Arnau, bastaixos, barqueros y carpinteros de ribera, calafates, remolares, herreros y sogueros permanecieron en silencio cuando el veguer finalizó sus explicaciones y el maestro se quedó pensativo.

Por orden del rey se suspendieron las obras de Santa María y de la catedral y todos los operarios fueron destinados a la construcción del puente. Bajo la supervisión de Berenguer de Montagut, se desmontó parte de los andamios del templo, y aquella misma mañana los bastaixos empezaron a trasladar material hasta Framenors.

—Qué tontería —le comentó Arnau a Ramón mientras los dos cargaban un pesado tronco—; nos afanamos en cargar piedras para Santa María y ahora la desmontamos, y todo por el capricho…

—¡Calla! —lo instó Ramón—. Lo hacemos por orden del rey; él sabrá por qué.

A fuerza de remos, las galeras del rey de Mallorca, siempre vigiladas de cerca por las valencianas, se situaron frente a Framenors, fondeadas a considerable distancia del convento. Albañiles y carpinteros empezaron a montar un andamio adosado a la fachada mar del convento, una imponente estructura de madera que descendía hacia la orilla, mientras los bastaixos, ayudados por todos quienes no tenían un cometido concreto, iban y venían de Santa María cargando troncos y maderas.

Al anochecer se suspendieron los trabajos. Arnau llegó a casa renegando.

—Nuestro rey nunca ha pedido semejante locura; se conforma con el puente tradicional, sobre las barcas. ¿Por qué hay que permitirle semejante capricho a un traidor?

Pero sus palabras se fueron apagando y sus pensamientos cambiaron al notar el masaje que María le daba en los hombros.

—Tienes mejor las heridas —comentó la muchacha—. Hay quien utiliza geranio con frambueso, pero nosotros siempre hemos confiado en la siempreviva. Mi abuela curaba a mi abuelo con ella, y mi madre a mi padre…

Arnau cerró los ojos. ¿Siempreviva?
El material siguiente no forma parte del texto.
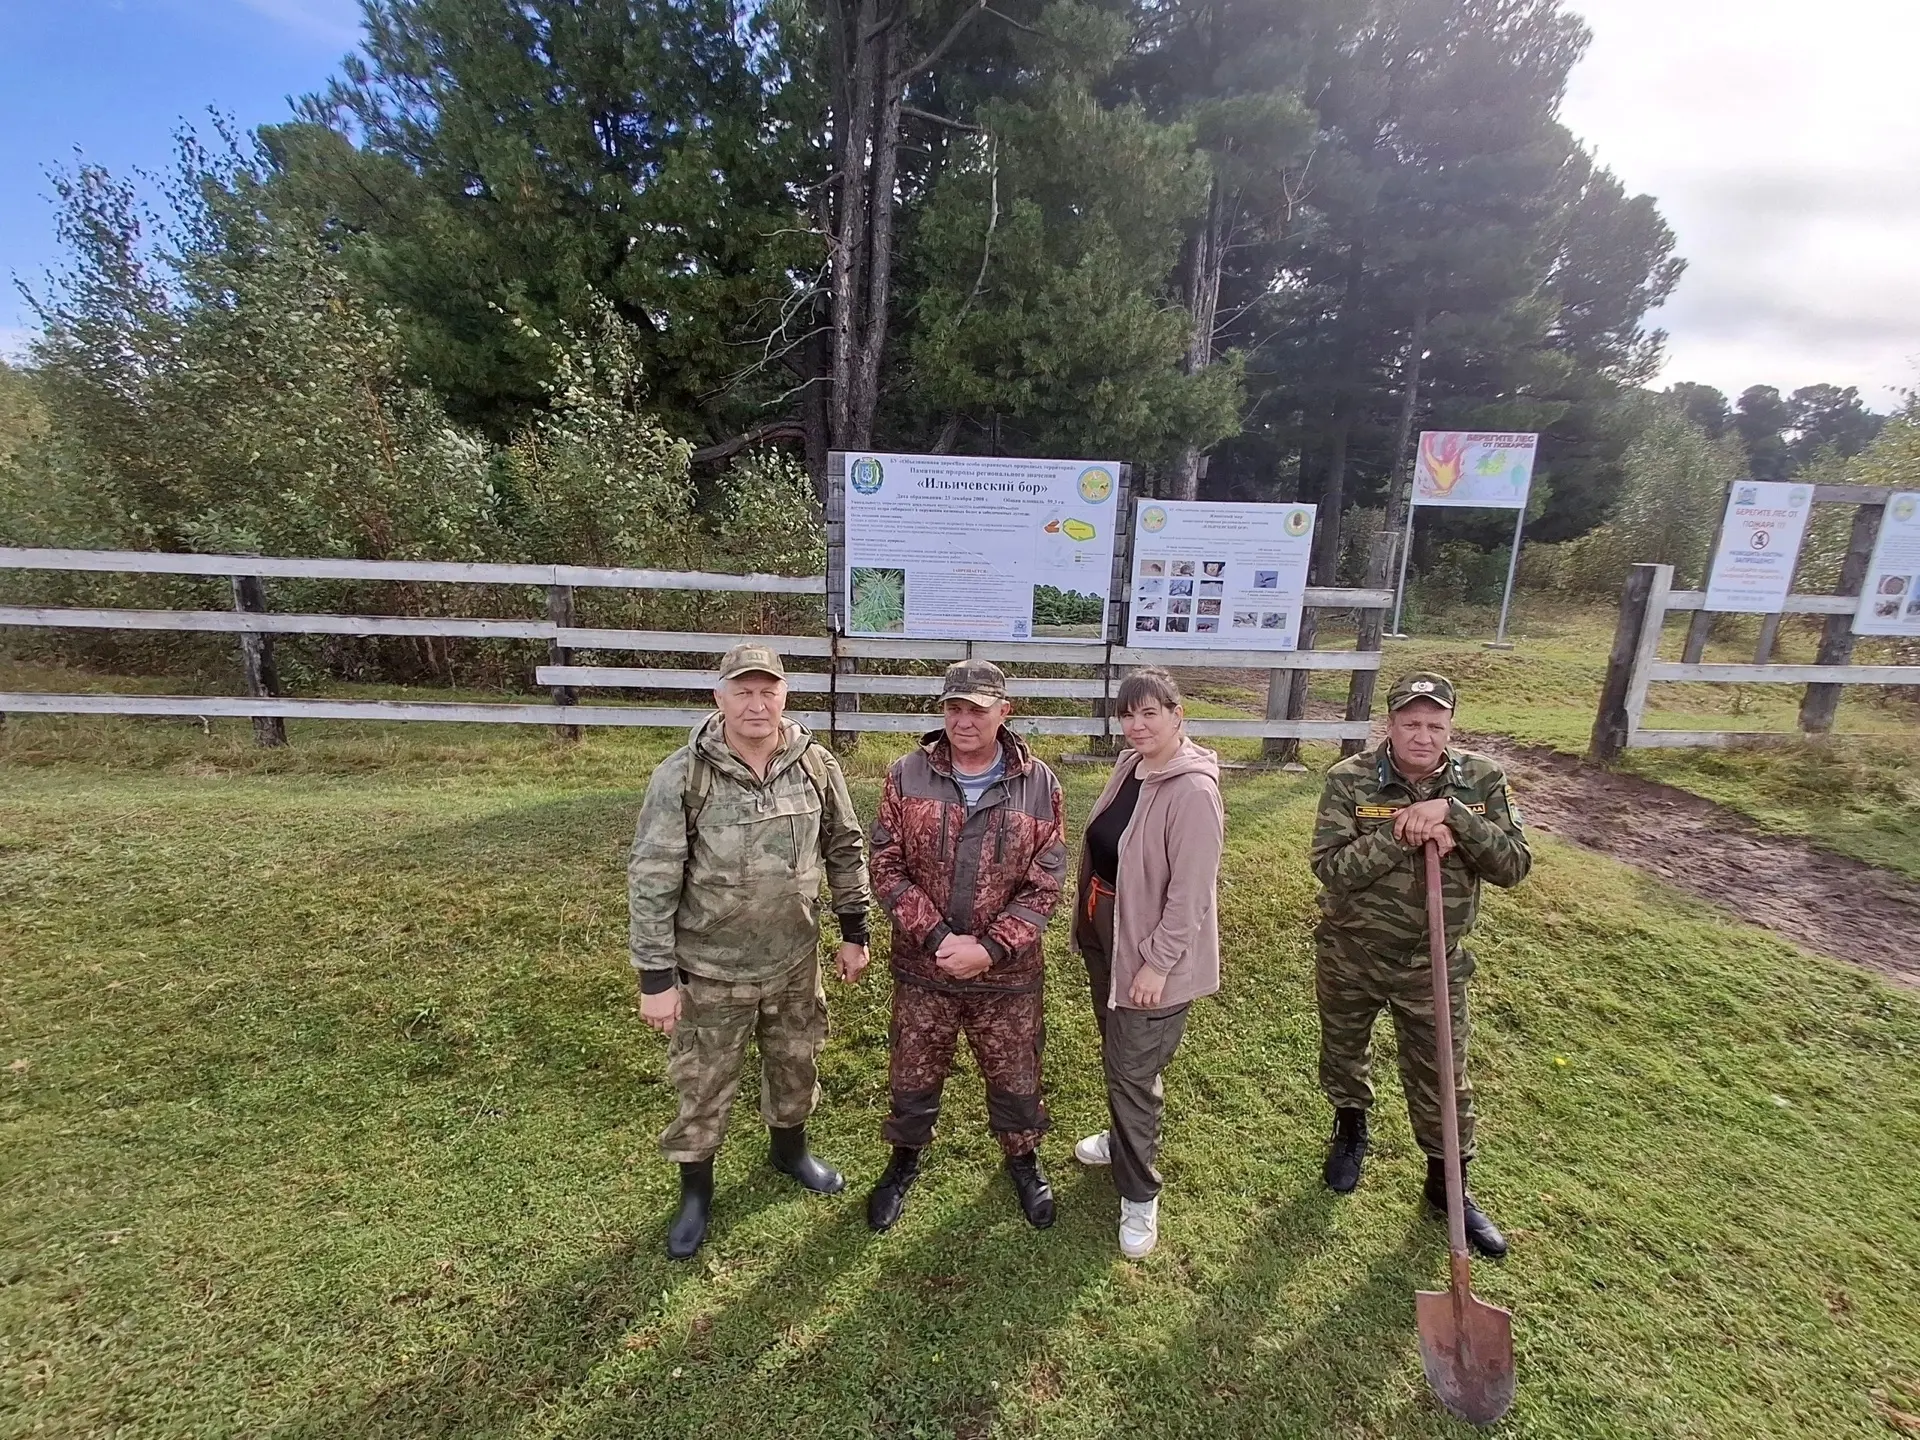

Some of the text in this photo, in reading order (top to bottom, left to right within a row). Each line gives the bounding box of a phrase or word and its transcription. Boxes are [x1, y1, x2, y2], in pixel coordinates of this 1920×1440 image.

[1467, 434, 1514, 442] БЕРЕГИТЕ
[946, 469, 975, 477] природы
[917, 477, 1048, 496] «Ильичевский бор»
[1736, 508, 1770, 517] БЕРЕГИТЕ
[1788, 510, 1799, 518] ОТ
[1743, 520, 1775, 528] ПОЖАРА
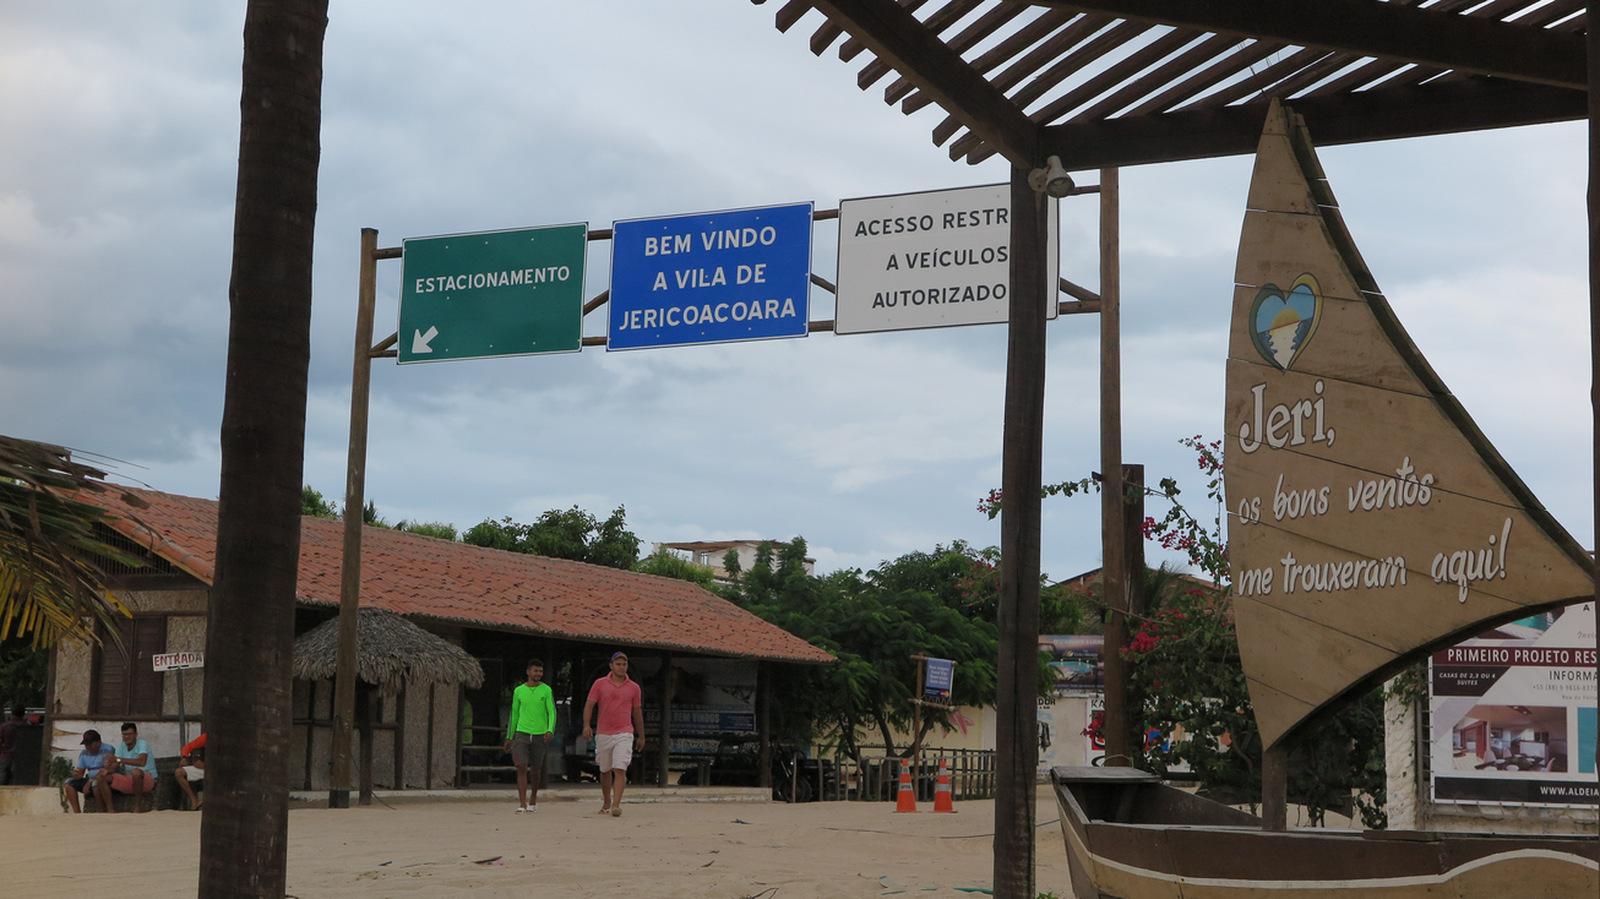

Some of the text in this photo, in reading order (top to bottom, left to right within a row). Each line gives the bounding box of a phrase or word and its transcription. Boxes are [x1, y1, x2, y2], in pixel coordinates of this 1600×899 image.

[855, 208, 1008, 238] ACESSO RESTR
[644, 225, 777, 257] BEM VINDO
[887, 245, 1008, 270] A VEÍCULOS
[415, 265, 571, 294] ESTACIONAMENTO
[653, 263, 767, 291] A VILA DE
[872, 283, 1007, 309] AUTORIZADO
[619, 298, 797, 331] JERICOACOARA
[1238, 379, 1336, 454] Jeri,
[1238, 456, 1435, 525] os bons ventos
[1238, 517, 1513, 604] me trouxeram aqui!
[154, 653, 203, 667] ENTRADA
[1447, 648, 1597, 664] PRIMEIRO PROJETO RES
[1549, 670, 1598, 681] INFORMA
[1540, 785, 1599, 796] WWW.ALDEIA
Hacía días que no veía a Aledis. ¡Ésa era la única razón de su mejoría!

—¿Por qué tensas los músculos? —le reprochó María interrumpiendo sus pensamientos—. Relájate, debes relajarte para que…

Siguió sin escucharla. ¿Para qué? ¿Relajarse para que pudiera curar las heridas causadas por otra mujer? Si por lo menos se enfadara…

Pero en lugar de gritarle, María volvió a entregarse a él aquella noche: lo buscó con cariño y se ofreció a él con dulzura. Aledis no sabía qué era la dulzura. ¡Fornicaban como animales! Arnau la aceptó, con los ojos cerrados. ¿Cómo mirarla? La muchacha le acarició el cuerpo… y el alma, y lo transportó al placer, un placer más doloroso cuanto mayor era.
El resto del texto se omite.